INFORMATION SUPPLIED START

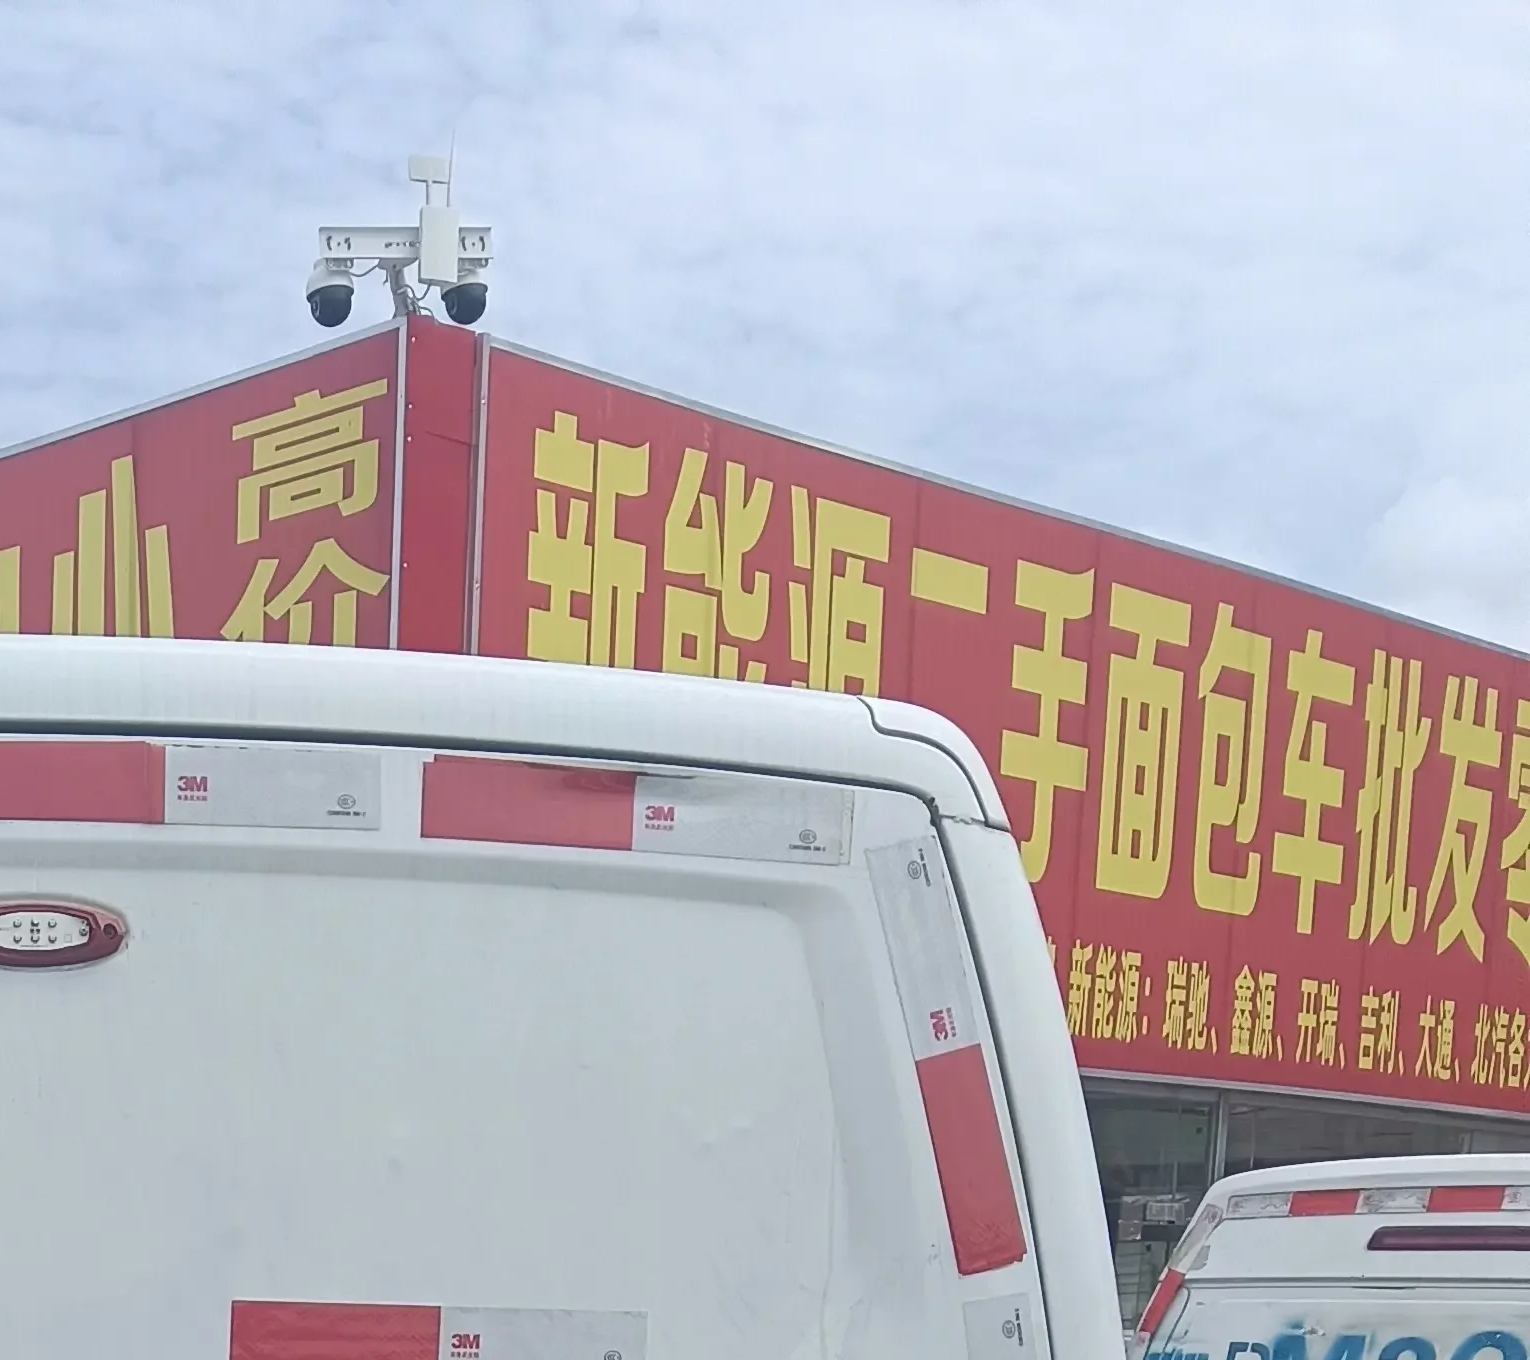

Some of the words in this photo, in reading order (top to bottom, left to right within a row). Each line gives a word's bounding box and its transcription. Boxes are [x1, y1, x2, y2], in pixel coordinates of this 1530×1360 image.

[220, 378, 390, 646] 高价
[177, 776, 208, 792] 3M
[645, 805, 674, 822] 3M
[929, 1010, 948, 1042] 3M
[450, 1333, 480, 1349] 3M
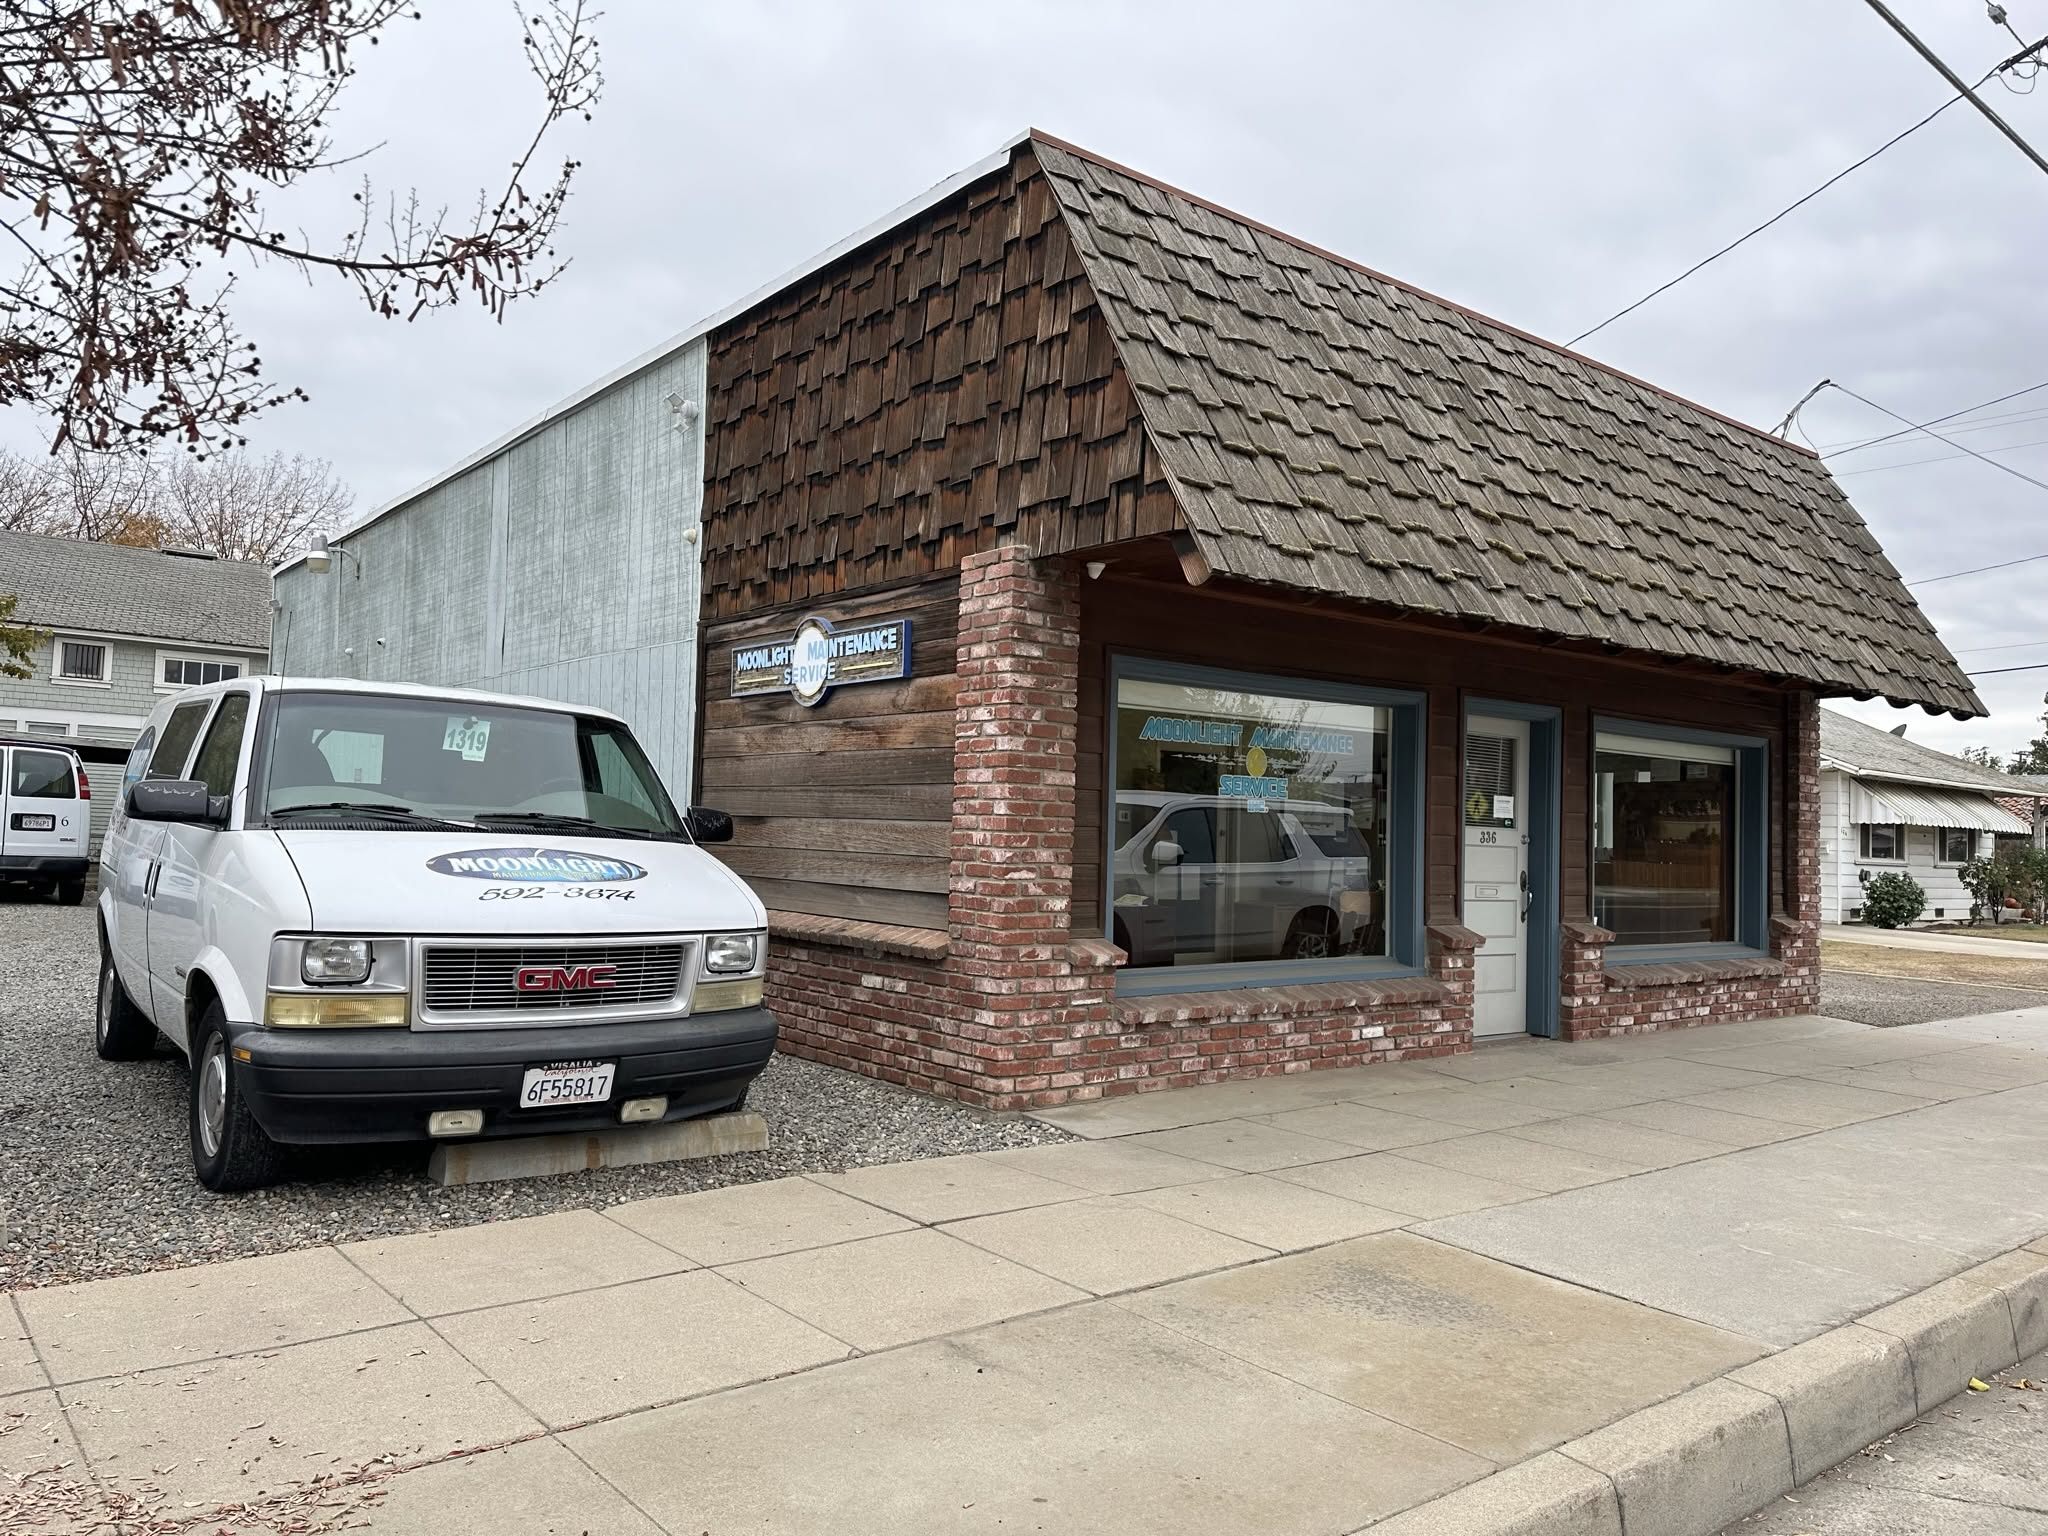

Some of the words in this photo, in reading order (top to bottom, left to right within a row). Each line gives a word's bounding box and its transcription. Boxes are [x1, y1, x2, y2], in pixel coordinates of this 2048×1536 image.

INFORMATION SUPPLIED END

▸ ASSIGNMENT: Everything in the data except the pictures should be restated word for word.

▸ ANSWER BELOW:
Some of the words in this photo, in reading order (top to bottom, left to right within a row). Each line gives a word's bounding box and its transcription. Boxes are [x1, y1, x2, y2], in pixel coordinates of this 1530×1360 image.

[220, 378, 390, 646] 高价
[177, 776, 208, 792] 3M
[645, 805, 674, 822] 3M
[929, 1010, 948, 1042] 3M
[450, 1333, 480, 1349] 3M

Some of the words in this photo, in reading order (top to bottom, left to right within a row). Each line gives a word's bounding box and its transcription. Boxes are [x1, y1, x2, y2], in pixel coordinates of this 2048×1536 image.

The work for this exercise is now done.